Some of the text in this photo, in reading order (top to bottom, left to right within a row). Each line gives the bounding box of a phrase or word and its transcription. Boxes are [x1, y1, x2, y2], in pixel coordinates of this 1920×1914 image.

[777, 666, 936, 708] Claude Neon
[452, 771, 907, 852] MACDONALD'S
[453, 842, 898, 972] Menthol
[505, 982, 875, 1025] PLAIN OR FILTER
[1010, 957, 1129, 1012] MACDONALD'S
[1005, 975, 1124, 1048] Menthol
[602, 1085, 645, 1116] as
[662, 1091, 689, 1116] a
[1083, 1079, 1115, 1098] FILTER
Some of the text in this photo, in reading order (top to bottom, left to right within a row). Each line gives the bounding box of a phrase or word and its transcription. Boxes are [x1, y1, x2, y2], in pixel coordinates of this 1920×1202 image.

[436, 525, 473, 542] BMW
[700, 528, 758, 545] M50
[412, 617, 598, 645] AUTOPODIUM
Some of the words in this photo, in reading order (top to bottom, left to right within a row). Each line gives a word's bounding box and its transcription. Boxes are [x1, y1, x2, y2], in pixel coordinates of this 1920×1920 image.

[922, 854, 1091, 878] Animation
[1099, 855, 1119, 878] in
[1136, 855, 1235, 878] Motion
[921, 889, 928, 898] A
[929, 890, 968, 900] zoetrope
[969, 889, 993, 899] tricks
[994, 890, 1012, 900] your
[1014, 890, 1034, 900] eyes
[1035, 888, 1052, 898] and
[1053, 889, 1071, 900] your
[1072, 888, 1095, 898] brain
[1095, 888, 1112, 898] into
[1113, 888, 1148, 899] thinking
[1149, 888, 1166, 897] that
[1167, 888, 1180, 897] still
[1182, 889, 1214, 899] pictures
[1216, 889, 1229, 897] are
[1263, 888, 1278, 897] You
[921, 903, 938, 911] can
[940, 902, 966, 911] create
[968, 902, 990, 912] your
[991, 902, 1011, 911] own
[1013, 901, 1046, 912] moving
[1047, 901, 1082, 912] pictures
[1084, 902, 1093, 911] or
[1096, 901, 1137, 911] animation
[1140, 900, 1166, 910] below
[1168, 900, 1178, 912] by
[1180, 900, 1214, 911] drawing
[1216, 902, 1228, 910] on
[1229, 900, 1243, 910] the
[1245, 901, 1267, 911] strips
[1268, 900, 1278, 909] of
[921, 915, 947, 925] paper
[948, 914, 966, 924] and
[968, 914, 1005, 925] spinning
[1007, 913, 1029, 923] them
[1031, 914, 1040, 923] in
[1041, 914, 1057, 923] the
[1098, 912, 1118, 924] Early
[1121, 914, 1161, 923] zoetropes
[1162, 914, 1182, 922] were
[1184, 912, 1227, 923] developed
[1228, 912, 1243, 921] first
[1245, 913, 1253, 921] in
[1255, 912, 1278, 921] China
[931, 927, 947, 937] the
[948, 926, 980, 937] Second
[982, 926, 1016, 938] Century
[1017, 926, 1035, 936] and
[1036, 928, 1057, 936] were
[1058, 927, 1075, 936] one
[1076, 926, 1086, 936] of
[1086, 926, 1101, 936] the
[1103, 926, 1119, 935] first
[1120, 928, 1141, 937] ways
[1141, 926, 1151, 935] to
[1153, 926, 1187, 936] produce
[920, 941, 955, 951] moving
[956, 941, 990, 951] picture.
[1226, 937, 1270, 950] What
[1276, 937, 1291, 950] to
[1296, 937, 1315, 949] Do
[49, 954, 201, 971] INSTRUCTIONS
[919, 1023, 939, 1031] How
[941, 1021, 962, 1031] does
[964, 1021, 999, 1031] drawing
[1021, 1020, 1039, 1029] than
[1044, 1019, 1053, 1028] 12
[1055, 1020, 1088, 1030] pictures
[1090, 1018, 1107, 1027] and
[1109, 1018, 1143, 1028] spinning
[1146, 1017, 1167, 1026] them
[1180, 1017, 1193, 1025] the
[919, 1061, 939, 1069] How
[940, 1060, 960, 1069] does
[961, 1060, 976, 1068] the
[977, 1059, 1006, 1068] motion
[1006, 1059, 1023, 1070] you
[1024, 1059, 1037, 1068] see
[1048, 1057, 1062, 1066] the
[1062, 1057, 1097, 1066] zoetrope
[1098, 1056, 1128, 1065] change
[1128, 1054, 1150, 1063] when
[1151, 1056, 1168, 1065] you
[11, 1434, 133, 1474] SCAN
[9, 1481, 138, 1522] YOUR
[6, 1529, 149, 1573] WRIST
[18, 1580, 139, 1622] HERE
------------------------
▶ [Work request] All entries above are to be transcribed verbatim.

▶ [Reply]
Some of the text in this photo, in reading order (top to bottom, left to right within a row). Each line gives the bounding box of a phrase or word and its transcription. Boxes are [x1, y1, x2, y2], in pixel coordinates of this 1920×1914 image.

[777, 666, 936, 708] Claude Neon
[452, 771, 907, 852] MACDONALD'S
[453, 842, 898, 972] Menthol
[505, 982, 875, 1025] PLAIN OR FILTER
[1010, 957, 1129, 1012] MACDONALD'S
[1005, 975, 1124, 1048] Menthol
[602, 1085, 645, 1116] as
[662, 1091, 689, 1116] a
[1083, 1079, 1115, 1098] FILTER
Some of the text in this photo, in reading order (top to bottom, left to right within a row). Each line gives the bounding box of a phrase or word and its transcription. Boxes are [x1, y1, x2, y2], in pixel coordinates of this 1920×1202 image.

[436, 525, 473, 542] BMW
[700, 528, 758, 545] M50
[412, 617, 598, 645] AUTOPODIUM
Some of the words in this photo, in reading order (top to bottom, left to right within a row). Each line gives a word's bounding box and its transcription. Boxes are [x1, y1, x2, y2], in pixel coordinates of this 1920×1920 image.

[922, 854, 1091, 878] Animation
[1099, 855, 1119, 878] in
[1136, 855, 1235, 878] Motion
[921, 889, 928, 898] A
[929, 890, 968, 900] zoetrope
[969, 889, 993, 899] tricks
[994, 890, 1012, 900] your
[1014, 890, 1034, 900] eyes
[1035, 888, 1052, 898] and
[1053, 889, 1071, 900] your
[1072, 888, 1095, 898] brain
[1095, 888, 1112, 898] into
[1113, 888, 1148, 899] thinking
[1149, 888, 1166, 897] that
[1167, 888, 1180, 897] still
[1182, 889, 1214, 899] pictures
[1216, 889, 1229, 897] are
[1263, 888, 1278, 897] You
[921, 903, 938, 911] can
[940, 902, 966, 911] create
[968, 902, 990, 912] your
[991, 902, 1011, 911] own
[1013, 901, 1046, 912] moving
[1047, 901, 1082, 912] pictures
[1084, 902, 1093, 911] or
[1096, 901, 1137, 911] animation
[1140, 900, 1166, 910] below
[1168, 900, 1178, 912] by
[1180, 900, 1214, 911] drawing
[1216, 902, 1228, 910] on
[1229, 900, 1243, 910] the
[1245, 901, 1267, 911] strips
[1268, 900, 1278, 909] of
[921, 915, 947, 925] paper
[948, 914, 966, 924] and
[968, 914, 1005, 925] spinning
[1007, 913, 1029, 923] them
[1031, 914, 1040, 923] in
[1041, 914, 1057, 923] the
[1098, 912, 1118, 924] Early
[1121, 914, 1161, 923] zoetropes
[1162, 914, 1182, 922] were
[1184, 912, 1227, 923] developed
[1228, 912, 1243, 921] first
[1245, 913, 1253, 921] in
[1255, 912, 1278, 921] China
[931, 927, 947, 937] the
[948, 926, 980, 937] Second
[982, 926, 1016, 938] Century
[1017, 926, 1035, 936] and
[1036, 928, 1057, 936] were
[1058, 927, 1075, 936] one
[1076, 926, 1086, 936] of
[1086, 926, 1101, 936] the
[1103, 926, 1119, 935] first
[1120, 928, 1141, 937] ways
[1141, 926, 1151, 935] to
[1153, 926, 1187, 936] produce
[920, 941, 955, 951] moving
[956, 941, 990, 951] picture.
[1226, 937, 1270, 950] What
[1276, 937, 1291, 950] to
[1296, 937, 1315, 949] Do
[49, 954, 201, 971] INSTRUCTIONS
[919, 1023, 939, 1031] How
[941, 1021, 962, 1031] does
[964, 1021, 999, 1031] drawing
[1021, 1020, 1039, 1029] than
[1044, 1019, 1053, 1028] 12
[1055, 1020, 1088, 1030] pictures
[1090, 1018, 1107, 1027] and
[1109, 1018, 1143, 1028] spinning
[1146, 1017, 1167, 1026] them
[1180, 1017, 1193, 1025] the
[919, 1061, 939, 1069] How
[940, 1060, 960, 1069] does
[961, 1060, 976, 1068] the
[977, 1059, 1006, 1068] motion
[1006, 1059, 1023, 1070] you
[1024, 1059, 1037, 1068] see
[1048, 1057, 1062, 1066] the
[1062, 1057, 1097, 1066] zoetrope
[1098, 1056, 1128, 1065] change
[1128, 1054, 1150, 1063] when
[1151, 1056, 1168, 1065] you
[11, 1434, 133, 1474] SCAN
[9, 1481, 138, 1522] YOUR
[6, 1529, 149, 1573] WRIST
[18, 1580, 139, 1622] HERE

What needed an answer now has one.